▶ _Your goal_: Exactly as written, output each of the lines below, with no images.

▶ _Image-backed grounding data_:
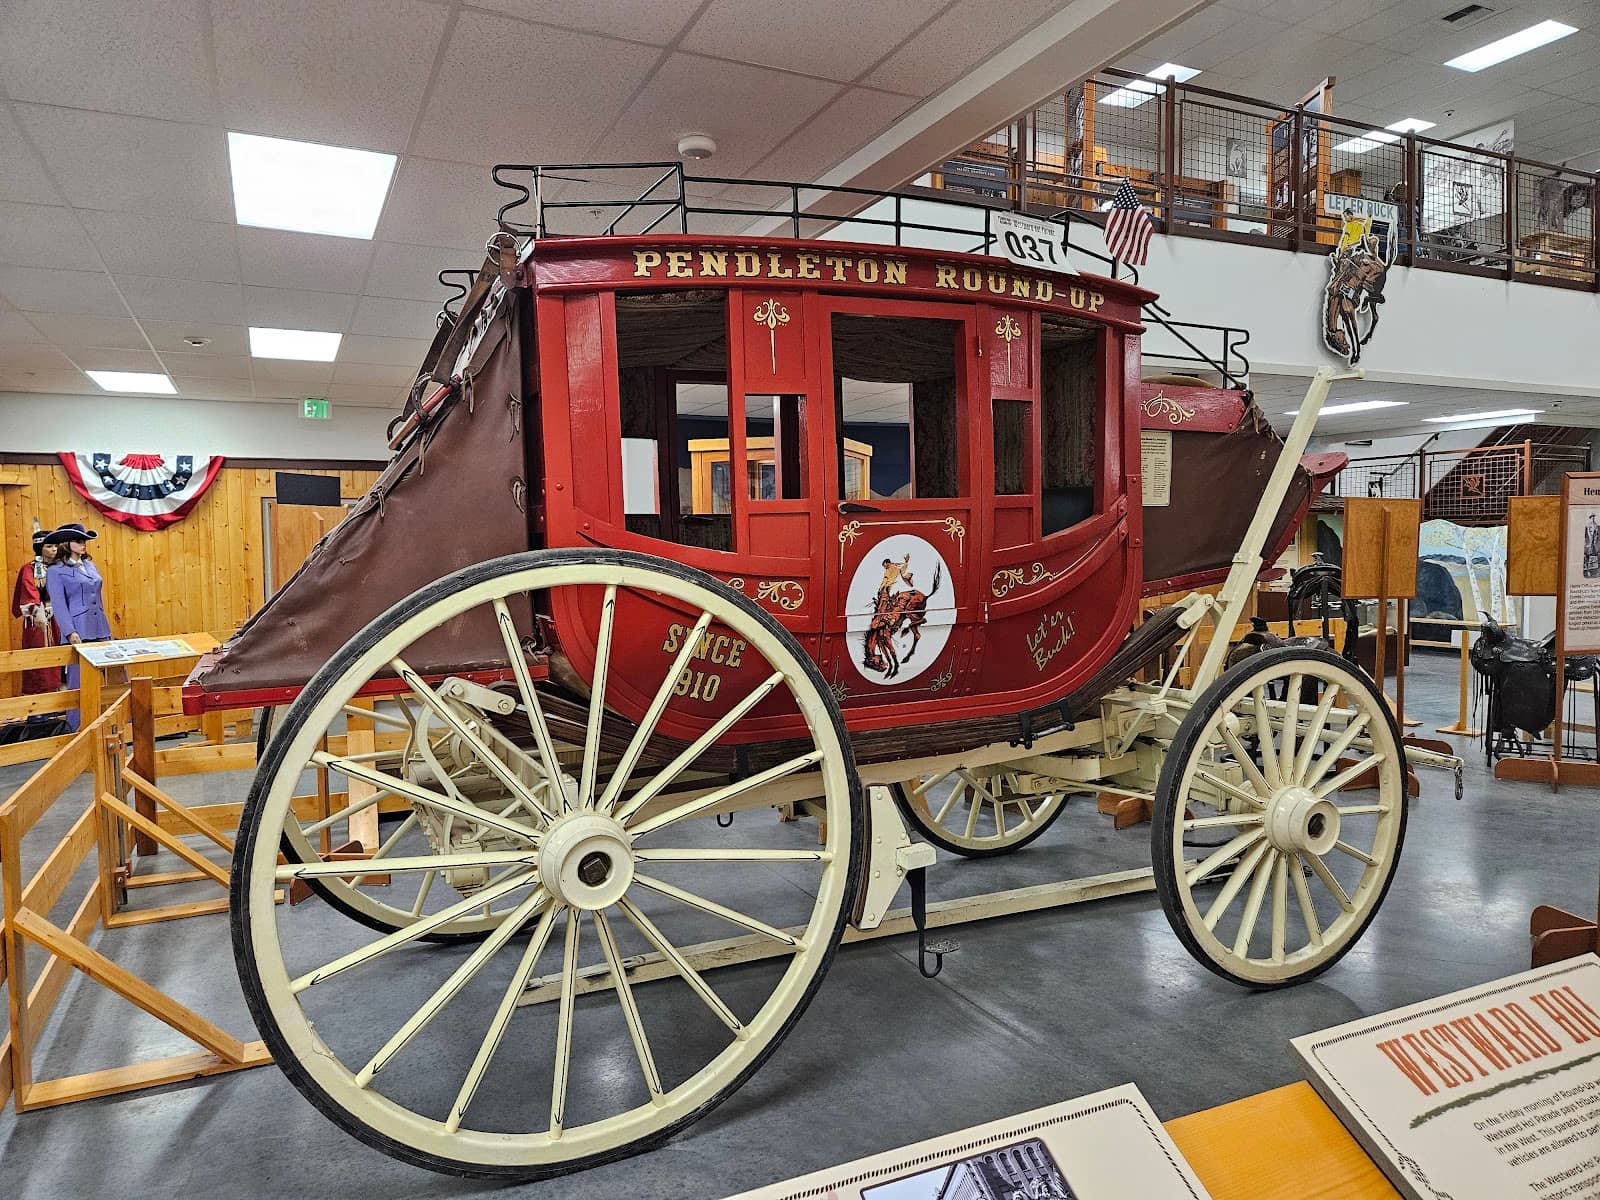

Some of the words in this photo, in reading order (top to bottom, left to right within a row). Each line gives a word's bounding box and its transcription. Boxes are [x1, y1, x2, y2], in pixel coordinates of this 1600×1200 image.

[1328, 193, 1348, 211] LET
[1350, 198, 1364, 215] ER
[1367, 201, 1394, 220] BUCK
[1004, 230, 1058, 265] 037
[631, 249, 909, 286] PENDLETON
[935, 262, 1106, 313] ROUND-UP
[1033, 615, 1076, 672] Buck!
[669, 664, 721, 702] 910
[1375, 1002, 1563, 1097] WESTWARD
[1473, 1120, 1488, 1132] On
[1486, 1115, 1500, 1127] the
[1498, 1106, 1524, 1122] Friday
[1523, 1096, 1555, 1113] morning
[1552, 1091, 1562, 1102] of
[1559, 1081, 1595, 1099] Round-Up
[1483, 1123, 1522, 1143] Westward
[1534, 1109, 1561, 1123] Parade
[1559, 1102, 1578, 1116] pays
[1575, 1094, 1599, 1108] tribute
[1503, 1140, 1520, 1152] the
[1538, 1126, 1556, 1138] This
[1555, 1117, 1580, 1133] parade
[1577, 1114, 1587, 1123] is
[1507, 1150, 1539, 1167] vehicles
[1537, 1144, 1552, 1156] are
[1550, 1133, 1579, 1151] allowed
[1577, 1130, 1588, 1140] to
[1528, 1180, 1547, 1192] The
[1544, 1163, 1583, 1186] Westward
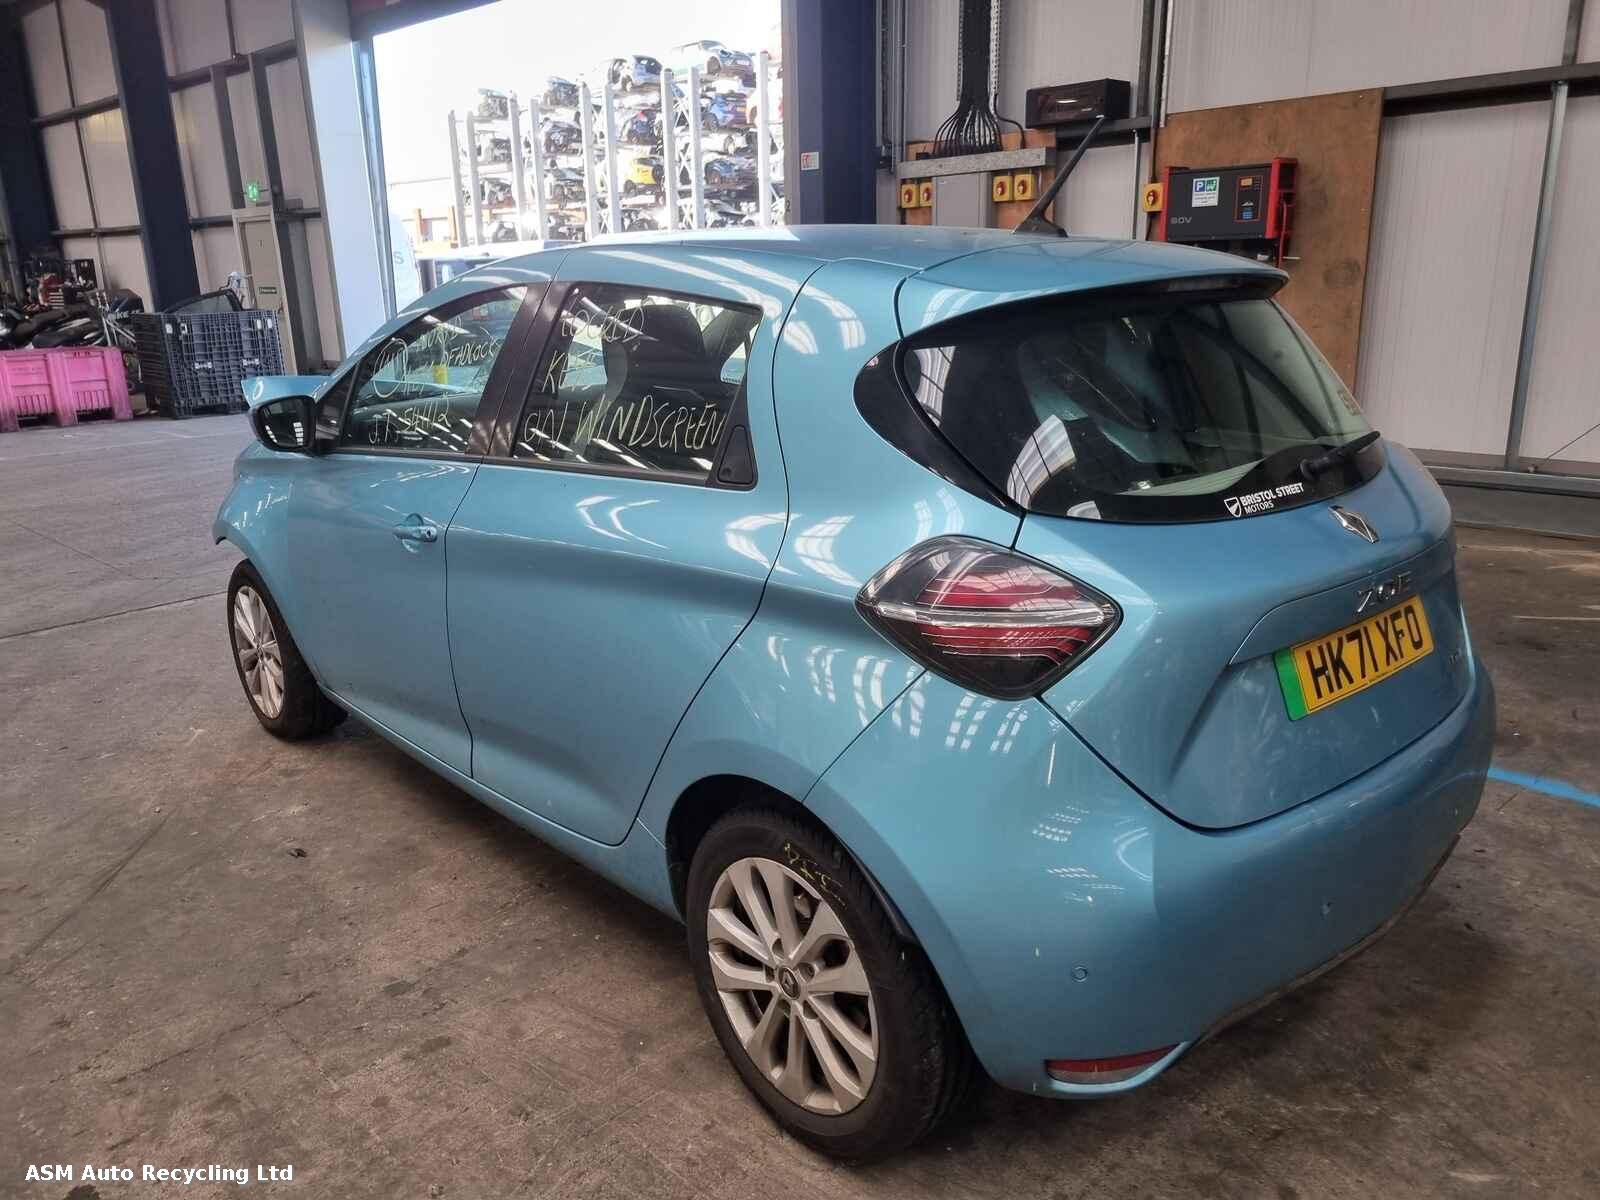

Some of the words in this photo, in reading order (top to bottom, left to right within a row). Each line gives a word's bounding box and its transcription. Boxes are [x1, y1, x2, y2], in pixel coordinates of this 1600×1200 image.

[574, 394, 727, 453] WINDSCREEN
[1240, 489, 1277, 506] BRISTOL
[1275, 482, 1304, 497] STREET
[1243, 500, 1274, 514] MOTORS

▶ _Exercise response_:
Some of the words in this photo, in reading order (top to bottom, left to right within a row). Each line gives a word's bounding box and its transcription. Boxes are [x1, y1, x2, y2], in pixel coordinates of this 1600×1200 image.

[1328, 193, 1348, 211] LET
[1350, 198, 1364, 215] ER
[1367, 201, 1394, 220] BUCK
[1004, 230, 1058, 265] 037
[631, 249, 909, 286] PENDLETON
[935, 262, 1106, 313] ROUND-UP
[1033, 615, 1076, 672] Buck!
[669, 664, 721, 702] 910
[1375, 1002, 1563, 1097] WESTWARD
[1473, 1120, 1488, 1132] On
[1486, 1115, 1500, 1127] the
[1498, 1106, 1524, 1122] Friday
[1523, 1096, 1555, 1113] morning
[1552, 1091, 1562, 1102] of
[1559, 1081, 1595, 1099] Round-Up
[1483, 1123, 1522, 1143] Westward
[1534, 1109, 1561, 1123] Parade
[1559, 1102, 1578, 1116] pays
[1575, 1094, 1599, 1108] tribute
[1503, 1140, 1520, 1152] the
[1538, 1126, 1556, 1138] This
[1555, 1117, 1580, 1133] parade
[1577, 1114, 1587, 1123] is
[1507, 1150, 1539, 1167] vehicles
[1537, 1144, 1552, 1156] are
[1550, 1133, 1579, 1151] allowed
[1577, 1130, 1588, 1140] to
[1528, 1180, 1547, 1192] The
[1544, 1163, 1583, 1186] Westward

Some of the words in this photo, in reading order (top to bottom, left to right within a row). Each line gives a word's bounding box and its transcription. Boxes are [x1, y1, x2, y2], in pixel coordinates of this 1600×1200 image.

[574, 394, 727, 453] WINDSCREEN
[1240, 489, 1277, 506] BRISTOL
[1275, 482, 1304, 497] STREET
[1243, 500, 1274, 514] MOTORS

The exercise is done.